**PROMPT:** Below are entries to return in full. Keep each one exact.

------ EXERCISE DATA ------

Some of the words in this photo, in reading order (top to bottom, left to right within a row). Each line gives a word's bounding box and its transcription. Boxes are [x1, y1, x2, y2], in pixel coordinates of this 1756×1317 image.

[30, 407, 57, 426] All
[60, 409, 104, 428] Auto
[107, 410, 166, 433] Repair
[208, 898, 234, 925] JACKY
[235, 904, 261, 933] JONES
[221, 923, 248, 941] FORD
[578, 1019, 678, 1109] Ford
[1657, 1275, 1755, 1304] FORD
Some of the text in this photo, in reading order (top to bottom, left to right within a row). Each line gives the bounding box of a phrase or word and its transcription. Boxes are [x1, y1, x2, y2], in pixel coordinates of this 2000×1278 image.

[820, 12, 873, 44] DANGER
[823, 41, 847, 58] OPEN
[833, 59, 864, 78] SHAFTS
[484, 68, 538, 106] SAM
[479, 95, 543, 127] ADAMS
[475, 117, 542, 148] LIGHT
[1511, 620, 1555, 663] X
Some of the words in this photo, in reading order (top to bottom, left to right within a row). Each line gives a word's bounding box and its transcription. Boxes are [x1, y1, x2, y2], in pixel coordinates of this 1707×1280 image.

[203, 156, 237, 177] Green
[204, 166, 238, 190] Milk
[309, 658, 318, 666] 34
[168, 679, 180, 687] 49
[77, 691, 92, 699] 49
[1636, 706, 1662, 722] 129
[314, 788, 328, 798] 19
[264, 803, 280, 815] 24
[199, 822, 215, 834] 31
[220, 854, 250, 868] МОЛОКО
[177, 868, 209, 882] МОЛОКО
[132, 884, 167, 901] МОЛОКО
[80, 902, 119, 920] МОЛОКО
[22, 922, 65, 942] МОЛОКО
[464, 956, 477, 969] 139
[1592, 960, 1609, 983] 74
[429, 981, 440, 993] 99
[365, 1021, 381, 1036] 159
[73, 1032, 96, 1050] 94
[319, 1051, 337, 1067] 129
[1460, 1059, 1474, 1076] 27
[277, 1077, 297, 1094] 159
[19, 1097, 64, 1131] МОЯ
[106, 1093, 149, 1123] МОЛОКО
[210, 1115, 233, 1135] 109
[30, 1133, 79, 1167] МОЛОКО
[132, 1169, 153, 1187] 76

------

**TASK OUTPUT:**
Some of the words in this photo, in reading order (top to bottom, left to right within a row). Each line gives a word's bounding box and its transcription. Boxes are [x1, y1, x2, y2], in pixel coordinates of this 1756×1317 image.

[30, 407, 57, 426] All
[60, 409, 104, 428] Auto
[107, 410, 166, 433] Repair
[208, 898, 234, 925] JACKY
[235, 904, 261, 933] JONES
[221, 923, 248, 941] FORD
[578, 1019, 678, 1109] Ford
[1657, 1275, 1755, 1304] FORD
Some of the text in this photo, in reading order (top to bottom, left to right within a row). Each line gives the bounding box of a phrase or word and its transcription. Boxes are [x1, y1, x2, y2], in pixel coordinates of this 2000×1278 image.

[820, 12, 873, 44] DANGER
[823, 41, 847, 58] OPEN
[833, 59, 864, 78] SHAFTS
[484, 68, 538, 106] SAM
[479, 95, 543, 127] ADAMS
[475, 117, 542, 148] LIGHT
[1511, 620, 1555, 663] X
Some of the words in this photo, in reading order (top to bottom, left to right within a row). Each line gives a word's bounding box and its transcription. Boxes are [x1, y1, x2, y2], in pixel coordinates of this 1707×1280 image.

[203, 156, 237, 177] Green
[204, 166, 238, 190] Milk
[309, 658, 318, 666] 34
[168, 679, 180, 687] 49
[77, 691, 92, 699] 49
[1636, 706, 1662, 722] 129
[314, 788, 328, 798] 19
[264, 803, 280, 815] 24
[199, 822, 215, 834] 31
[220, 854, 250, 868] МОЛОКО
[177, 868, 209, 882] МОЛОКО
[132, 884, 167, 901] МОЛОКО
[80, 902, 119, 920] МОЛОКО
[22, 922, 65, 942] МОЛОКО
[464, 956, 477, 969] 139
[1592, 960, 1609, 983] 74
[429, 981, 440, 993] 99
[365, 1021, 381, 1036] 159
[73, 1032, 96, 1050] 94
[319, 1051, 337, 1067] 129
[1460, 1059, 1474, 1076] 27
[277, 1077, 297, 1094] 159
[19, 1097, 64, 1131] МОЯ
[106, 1093, 149, 1123] МОЛОКО
[210, 1115, 233, 1135] 109
[30, 1133, 79, 1167] МОЛОКО
[132, 1169, 153, 1187] 76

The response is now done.